As implausible as it seems, more than one in five year-round Nantucket residents go to bed hungry. These people work in the restaurants and schools, some working several jobs at island companies and nonprofits. Some are in the Coast Guard, some hold nursing positions at the hospital and some are school teachers. In another town, they should earn enough to get by. But on Nantucket, they struggle with high rents and rising costs of food.
“We met with several large employers on Nantucket, whose employees were showing up at the pantry in uniform, and they were shocked that their employees were using the food pantry,” said Brooke Mohr, the board president of Nourish Nantucket, a new organization that launched this year to fight food insecurity on the island. “For a parent with children who is struggling to feed those children, imagine the stress level of not knowing where your kid’s next meals are coming from, never mind the hunger alone.”

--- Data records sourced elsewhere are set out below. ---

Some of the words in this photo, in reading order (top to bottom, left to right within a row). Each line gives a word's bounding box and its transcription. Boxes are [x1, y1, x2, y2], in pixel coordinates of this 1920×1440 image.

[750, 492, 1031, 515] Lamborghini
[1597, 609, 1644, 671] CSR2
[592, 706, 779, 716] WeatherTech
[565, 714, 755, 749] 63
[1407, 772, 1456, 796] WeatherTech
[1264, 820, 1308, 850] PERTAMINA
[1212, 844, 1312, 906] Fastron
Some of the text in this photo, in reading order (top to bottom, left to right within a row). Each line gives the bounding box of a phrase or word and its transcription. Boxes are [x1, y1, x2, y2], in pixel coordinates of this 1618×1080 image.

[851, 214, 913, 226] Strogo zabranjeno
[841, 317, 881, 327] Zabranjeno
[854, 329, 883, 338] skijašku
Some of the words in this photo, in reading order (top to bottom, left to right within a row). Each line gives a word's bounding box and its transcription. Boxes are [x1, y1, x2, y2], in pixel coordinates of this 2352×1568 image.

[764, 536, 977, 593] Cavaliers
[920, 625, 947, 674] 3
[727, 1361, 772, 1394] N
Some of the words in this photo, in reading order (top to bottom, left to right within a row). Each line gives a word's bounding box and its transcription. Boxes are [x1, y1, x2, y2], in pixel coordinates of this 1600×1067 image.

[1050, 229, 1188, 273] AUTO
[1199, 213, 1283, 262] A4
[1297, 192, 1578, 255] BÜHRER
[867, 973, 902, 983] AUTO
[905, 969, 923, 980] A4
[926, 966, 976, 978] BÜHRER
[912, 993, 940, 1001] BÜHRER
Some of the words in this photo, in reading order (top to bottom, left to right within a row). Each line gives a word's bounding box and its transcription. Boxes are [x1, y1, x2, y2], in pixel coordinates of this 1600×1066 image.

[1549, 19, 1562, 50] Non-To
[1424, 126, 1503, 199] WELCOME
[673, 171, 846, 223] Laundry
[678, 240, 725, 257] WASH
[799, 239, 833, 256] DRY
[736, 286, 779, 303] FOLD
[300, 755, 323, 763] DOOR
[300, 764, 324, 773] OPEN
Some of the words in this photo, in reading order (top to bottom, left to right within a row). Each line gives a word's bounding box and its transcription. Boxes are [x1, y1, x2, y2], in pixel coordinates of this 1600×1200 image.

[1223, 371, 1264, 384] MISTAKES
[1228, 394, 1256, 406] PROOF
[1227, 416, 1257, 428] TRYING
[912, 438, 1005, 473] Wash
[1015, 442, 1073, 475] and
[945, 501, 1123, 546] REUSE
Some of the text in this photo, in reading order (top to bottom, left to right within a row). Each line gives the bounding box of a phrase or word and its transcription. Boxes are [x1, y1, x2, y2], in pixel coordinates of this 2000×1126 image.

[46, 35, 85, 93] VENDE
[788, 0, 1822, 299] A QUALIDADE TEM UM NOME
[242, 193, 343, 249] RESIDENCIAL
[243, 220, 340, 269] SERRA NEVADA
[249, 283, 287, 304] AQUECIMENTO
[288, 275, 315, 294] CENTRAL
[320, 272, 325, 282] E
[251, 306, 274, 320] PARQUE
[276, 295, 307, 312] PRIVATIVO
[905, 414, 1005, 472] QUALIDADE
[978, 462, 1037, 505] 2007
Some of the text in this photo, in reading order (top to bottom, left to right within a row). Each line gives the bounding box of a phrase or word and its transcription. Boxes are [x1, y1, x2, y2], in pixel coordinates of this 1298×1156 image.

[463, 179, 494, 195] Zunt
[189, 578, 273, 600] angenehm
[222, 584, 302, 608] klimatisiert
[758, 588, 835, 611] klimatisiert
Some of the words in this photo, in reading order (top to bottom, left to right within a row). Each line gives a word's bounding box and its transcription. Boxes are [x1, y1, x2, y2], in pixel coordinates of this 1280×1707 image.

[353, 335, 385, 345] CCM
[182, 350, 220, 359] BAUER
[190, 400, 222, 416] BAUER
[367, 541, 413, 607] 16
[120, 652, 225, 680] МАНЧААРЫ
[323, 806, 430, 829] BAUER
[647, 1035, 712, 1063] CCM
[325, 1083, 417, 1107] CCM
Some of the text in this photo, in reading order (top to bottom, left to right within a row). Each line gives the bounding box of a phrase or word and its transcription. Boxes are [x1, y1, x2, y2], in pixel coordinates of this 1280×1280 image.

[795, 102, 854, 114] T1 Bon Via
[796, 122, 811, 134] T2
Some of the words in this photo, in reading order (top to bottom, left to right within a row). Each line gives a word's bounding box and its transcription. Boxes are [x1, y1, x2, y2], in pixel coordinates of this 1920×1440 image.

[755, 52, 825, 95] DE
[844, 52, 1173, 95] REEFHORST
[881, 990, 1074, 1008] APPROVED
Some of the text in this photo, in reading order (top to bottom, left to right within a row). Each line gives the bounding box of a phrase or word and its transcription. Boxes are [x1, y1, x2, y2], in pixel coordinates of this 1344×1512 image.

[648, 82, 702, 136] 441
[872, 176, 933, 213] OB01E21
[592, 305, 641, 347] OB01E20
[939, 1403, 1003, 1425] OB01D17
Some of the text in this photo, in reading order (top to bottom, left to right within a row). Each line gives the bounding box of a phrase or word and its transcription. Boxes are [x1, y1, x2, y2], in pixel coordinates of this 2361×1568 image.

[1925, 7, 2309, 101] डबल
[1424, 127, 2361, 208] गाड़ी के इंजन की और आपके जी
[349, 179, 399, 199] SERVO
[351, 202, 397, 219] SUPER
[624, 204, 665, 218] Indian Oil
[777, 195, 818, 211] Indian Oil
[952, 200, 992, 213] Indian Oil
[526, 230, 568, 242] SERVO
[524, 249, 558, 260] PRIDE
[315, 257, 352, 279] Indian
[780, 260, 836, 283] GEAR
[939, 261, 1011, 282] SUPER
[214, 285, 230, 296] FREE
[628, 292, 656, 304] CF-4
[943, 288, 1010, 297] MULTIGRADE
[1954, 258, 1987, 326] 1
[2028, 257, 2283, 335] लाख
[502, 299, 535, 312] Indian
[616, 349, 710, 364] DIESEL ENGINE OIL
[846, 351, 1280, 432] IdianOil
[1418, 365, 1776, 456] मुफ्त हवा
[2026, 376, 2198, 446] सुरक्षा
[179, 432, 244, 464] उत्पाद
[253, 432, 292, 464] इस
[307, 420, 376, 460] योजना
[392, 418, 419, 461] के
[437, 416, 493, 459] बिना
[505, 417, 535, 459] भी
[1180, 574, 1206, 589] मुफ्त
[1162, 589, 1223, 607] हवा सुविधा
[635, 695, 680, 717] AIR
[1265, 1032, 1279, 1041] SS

It might not be obvious, but Nantucket has a food insecurity problem. On an island known for its world-class restaurants, roughly 21 percent of the year-round population struggles to put food on the table. A stunning statistic is that 46 percent of students at the Nantucket Public Schools qualify for free or reduced lunch, according to data from the U.S. Census and Nantucket Public Schools officials.
While a dozen organizations on Nantucket have been working for years to address the issue, those groups have been working independently of one another, lacking the ability to coordinate and fundraise effectively, and leaving islanders who need the service confused on where to seek help. Nourish Nantucket launched this year to bridge that gap, raising awareness and offering financial support to address the food insecurity crisis.
Nourish Nantucket was launched by N Magazine Publisher Bruce Percelay, who presented the idea of creating a single umbrella brand called Nourish Nantucket as a single fundraising vehicle for the 12 different agencies on the island. “The work done by Brooke Mohr, the Nantucket Resource Partnership, the Food Pantry and all the other food service organizations has been heroic over the years, but given the growing magnitude of the problem, it seemed that now is the time to expose the issue to the island’s summer and year-round residents in order to solve a problem which should not exist on Nantucket,” Percelay said.